そのほか、このアルバムには高中正義なども参加しています。他にもどこかで目にしたなというミュージシャンがけっこういて(失礼ながらあまり詳しくない)、自分にもうーんすげーとわかります。

だいたい半数以上は坂本龍一のアレンジによるもので、それらの曲には細野晴臣がベースで参加しています。世界は初期の坂本龍一のものと言っていいでしょう。
以前、自分の投稿で坂本龍一についてやや偏見に満ちた評価を記したことがありましたが、それはここで訂正します。
じっくり聴いてみると、この頃彼が狙っていた世界が少しは理解できる気がして、それはポップ世界におけるファンタスティックなオーケストレーションとでも言うべきものですが、それはそれでよいものだということが身にしみてわかります。
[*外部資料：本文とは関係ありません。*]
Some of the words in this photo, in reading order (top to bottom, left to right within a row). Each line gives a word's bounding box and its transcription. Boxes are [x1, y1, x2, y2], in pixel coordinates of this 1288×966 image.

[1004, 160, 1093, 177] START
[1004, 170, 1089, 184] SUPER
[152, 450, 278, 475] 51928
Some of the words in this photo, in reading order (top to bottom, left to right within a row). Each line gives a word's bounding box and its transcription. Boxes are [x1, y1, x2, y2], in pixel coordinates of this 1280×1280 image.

同時期に似た世界を追求していたのは、言うまでもなく、松任谷由実における松任谷正隆ですが、彼がプロ中のプロとして、よい意味で職人に徹していたのと比較すると、坂本龍一の大貫妙子の初期楽曲アレンジは、より表現者的であり、新鮮です。(1曲々々真剣にヘッドフォンで聴き込んでもその都度発見があるぐらいの、細かな作り込みをしているのも頭が下がります)。
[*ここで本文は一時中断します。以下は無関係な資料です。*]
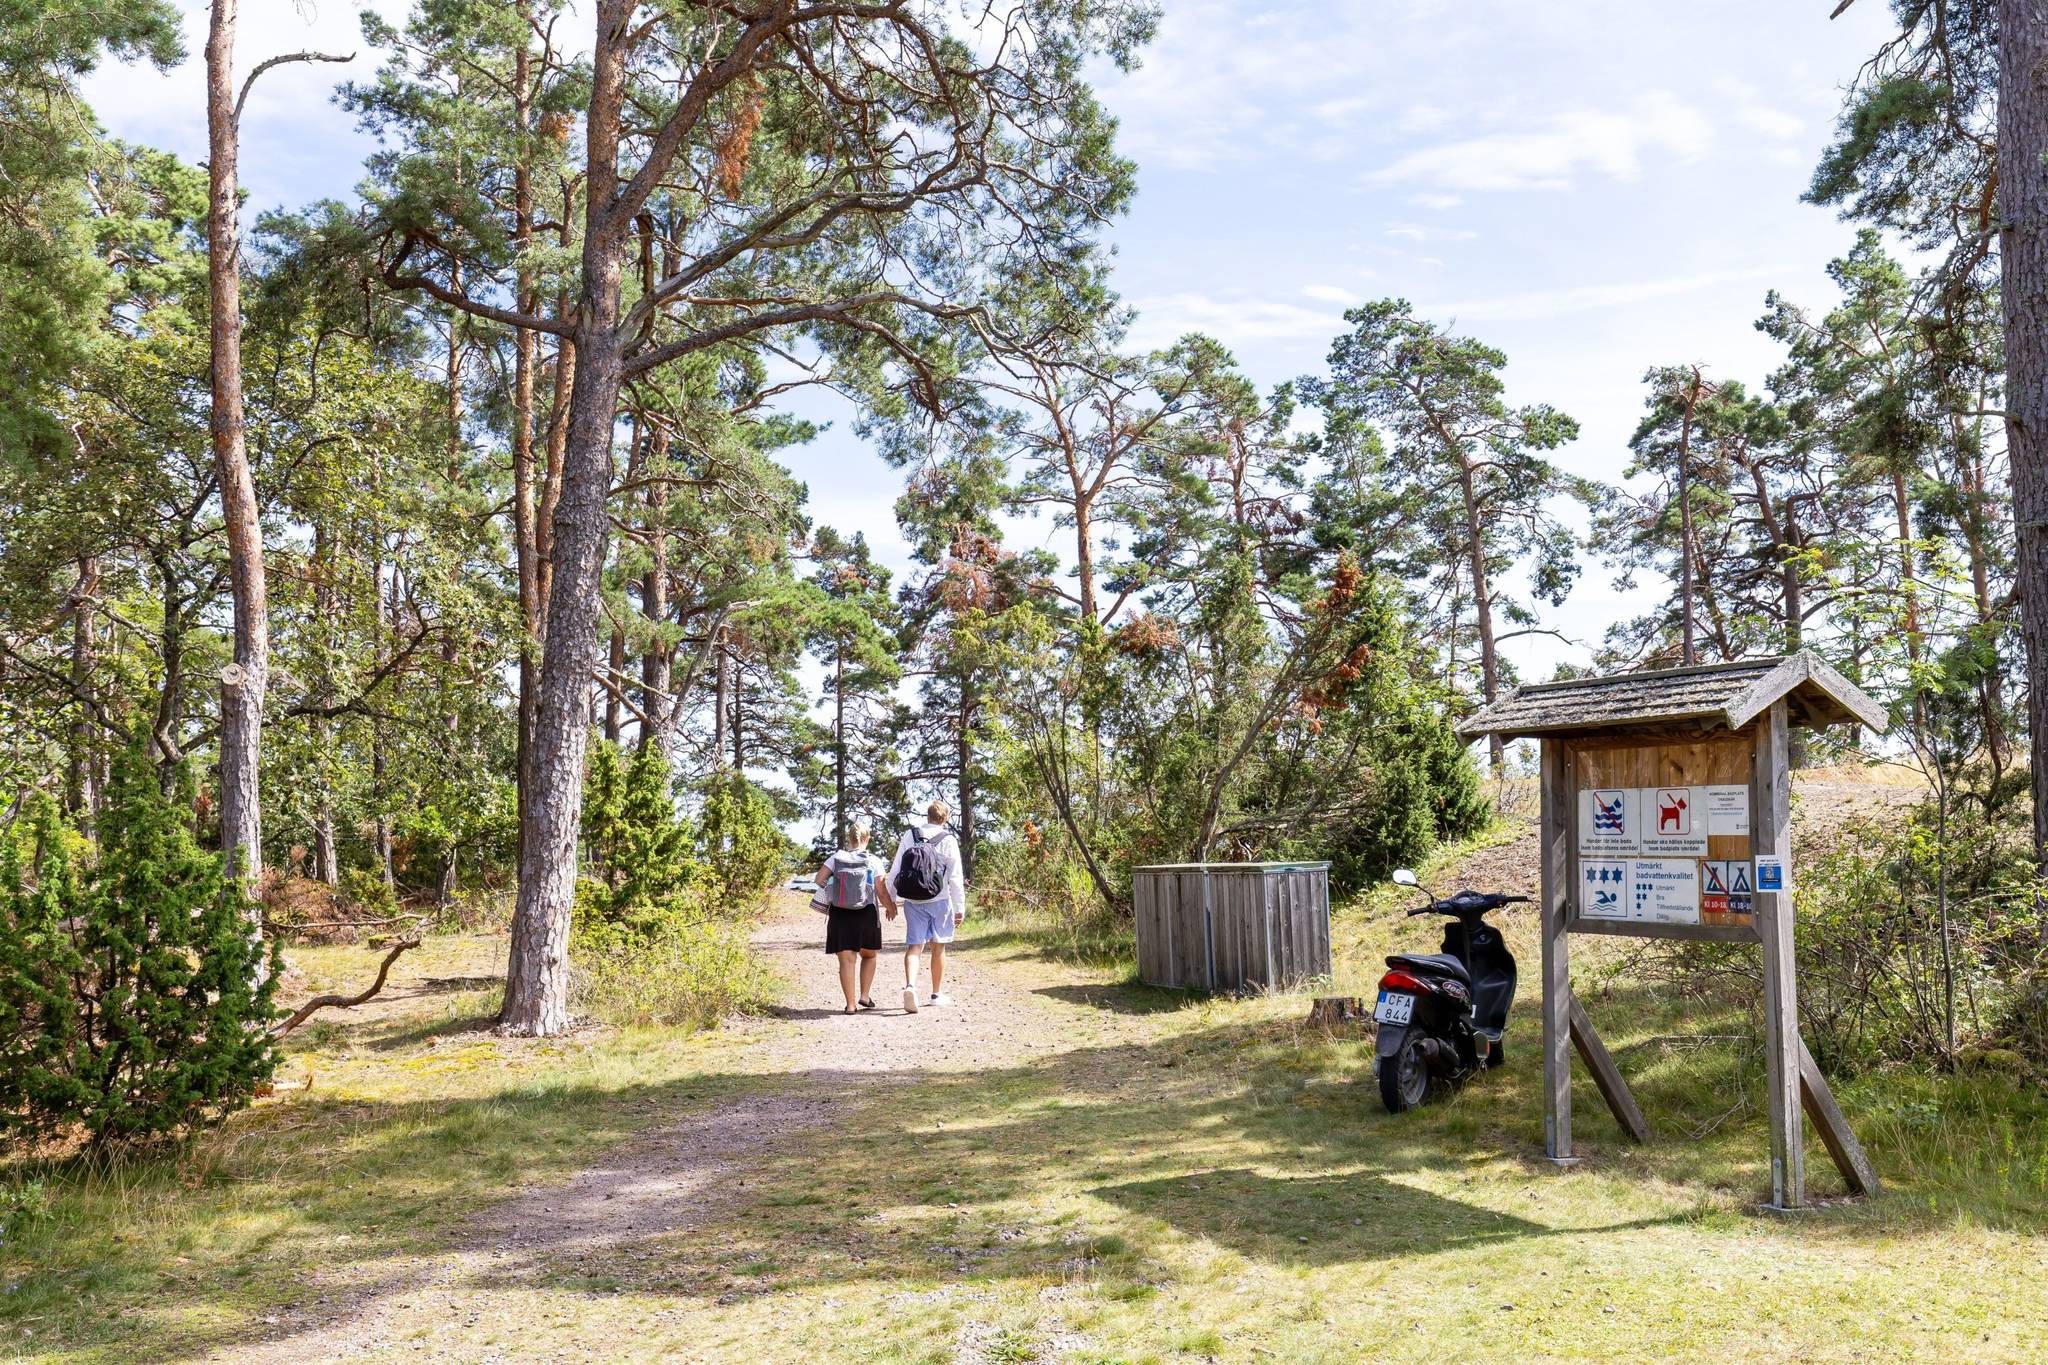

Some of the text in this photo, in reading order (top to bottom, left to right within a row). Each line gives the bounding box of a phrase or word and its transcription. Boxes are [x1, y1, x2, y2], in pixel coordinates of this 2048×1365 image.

[1636, 862, 1662, 870] Utmärkt
[1636, 872, 1693, 880] badvattenkvalitet
[1388, 995, 1410, 1008] CFA
[1385, 1008, 1408, 1021] 844
手元に届いたアルバムのうち「アバンチュール」と「ミニヨン」片面を聴いただけですが、この頃の大貫妙子のアルバムは日本のポップミュージックにおける至宝と言っても間違いないと思います。

「ミニヨン」B面最終曲「あこがれ」(これもじっくり聴くとクラシックになりうる名曲だと思います。特に詞がいい)の間奏およびエンディングで、高中正義、鈴木茂、吉川忠英の3人が次々にギターで競り合うところは、ビートルズの「アビーロード」の「キャリーザウェイト」~「ジ・エンド」においてジョンとジョージとがかけあう部分に対するトリビュートのようになっており、聴かせます(エンディングはもう少し長いとよかった)。満足度は高いです。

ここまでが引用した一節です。